Might it, in fact, be easier to do the other way round?
This was an era when nomadic peoples - Goths, Huns Avars, Bulgars etc) were on the move all over the place. There's no reason why the Arabs wouldn't join them at some stage, indeed it would be surprising if they didn't. OTOH, none of the others was unified by a particular religion, so it's not obvious that the Arabs needed to be. Kill off Mohammad, and maybe it's Pagan, Christian, Jewish or Zoroastrian Arabs (or some mixture of all four) who do the invading.
The problem is that the OP specified that Islam must still exist, so the classic 'No Mohammed' scenario doesn't cut it. Me, I think DValdron has a point, that the Eastern Roman & Persian empires of the time were pretty ramshackle and overextended affairs. Well, I know at least the Eastern Roman was, constantly fighting wars that left its government just short of bankruptcy while plague depopulated the cities and decreasing soil fertility in some of the old breadbaskets depopulated the countryside. And if the Romans had that much of a problem and were still able to keep the Persians at bay, then they must have been in equally shitty circumstances. He's also right about Islam being a damn easy religion to proselytize for; unlike the other great missionary faiths, Christianity & Buddhism, Islam features a very compact and easily explainable central theology in the 5 pillars. Christianity's basic theology varies wildly from one sect (and even one century!) to the next; Buddhism basic theology, though simple, requires a good bit of intellectual prowess to grasp; but pretty much all Muslims, from lunatic fringe Jihadis to contemplative Sufi mystics to modernistic engineers, can pretty much agree on the basic principles of their religion. And I know of no particularly syncretist Muslim heresies, in the way that Voodoo/Santera/Gnosticism took off from Christianity, and some of the weirder Central Asian Mahayana sects took off from Buddhism. So, yea, Islam is a very well-engineered faith, from the point of view of spreading itself.

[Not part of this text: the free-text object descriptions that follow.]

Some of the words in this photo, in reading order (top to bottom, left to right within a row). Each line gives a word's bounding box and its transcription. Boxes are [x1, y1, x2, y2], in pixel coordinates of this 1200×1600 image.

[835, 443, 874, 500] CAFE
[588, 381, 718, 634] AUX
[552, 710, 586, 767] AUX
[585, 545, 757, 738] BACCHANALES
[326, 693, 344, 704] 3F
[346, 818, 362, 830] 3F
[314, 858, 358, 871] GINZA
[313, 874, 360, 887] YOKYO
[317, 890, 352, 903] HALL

Still, the massive rise of Islam in the 7th century OTL is pretty awesomely ASB, one of the real defining events of world history. It seems pretty plausible to imagine it petering out somewhere along the way. Now, assuming for now that Mohammed's successors were going to knock the piss out of the Byzantine Romans & Sassanid Persians, they still took a lot of territory that wasn't really controlled by those states. Its easy to imagine them failing to take North Africa or Iberia, for example, though I don't know enough about those campaigns to give any definite POD. In the East, though, I know that the central Asian, east Persian & Bactrian kingdoms & tribes resisted for a century or more after the conquest of Sassanid Persia proper. In fact, their eventual defeat was in large part because of the simultaneous rise of T'ang China squeezed them hard in the middle between the two great powers. But it would have been entirely possible, during the unstable first century of Muslim rule, before the Chinese really started pushing into central Asia again, for one of these kingdoms to come in and take Persia for themselves. Perhaps this could even lead to a Buddhist Iran...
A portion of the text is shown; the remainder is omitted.